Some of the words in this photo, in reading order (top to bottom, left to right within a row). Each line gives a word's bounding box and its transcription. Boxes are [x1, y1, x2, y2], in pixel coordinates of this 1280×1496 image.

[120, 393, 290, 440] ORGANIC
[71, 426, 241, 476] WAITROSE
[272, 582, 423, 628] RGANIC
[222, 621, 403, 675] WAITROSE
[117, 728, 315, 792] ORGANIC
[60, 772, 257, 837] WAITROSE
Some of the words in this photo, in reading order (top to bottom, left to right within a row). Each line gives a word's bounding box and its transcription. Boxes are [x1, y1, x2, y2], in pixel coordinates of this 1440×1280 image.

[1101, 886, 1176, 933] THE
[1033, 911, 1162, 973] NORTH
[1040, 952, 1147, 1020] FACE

========================

* **TASK INSTRUCTIONS**:
Once the line with "this 1440×1280 image." has been found in the records above, retype it and every line after it exactly, and include nothing else.

* **RESULT**:
Some of the words in this photo, in reading order (top to bottom, left to right within a row). Each line gives a word's bounding box and its transcription. Boxes are [x1, y1, x2, y2], in pixel coordinates of this 1440×1280 image.

[1101, 886, 1176, 933] THE
[1033, 911, 1162, 973] NORTH
[1040, 952, 1147, 1020] FACE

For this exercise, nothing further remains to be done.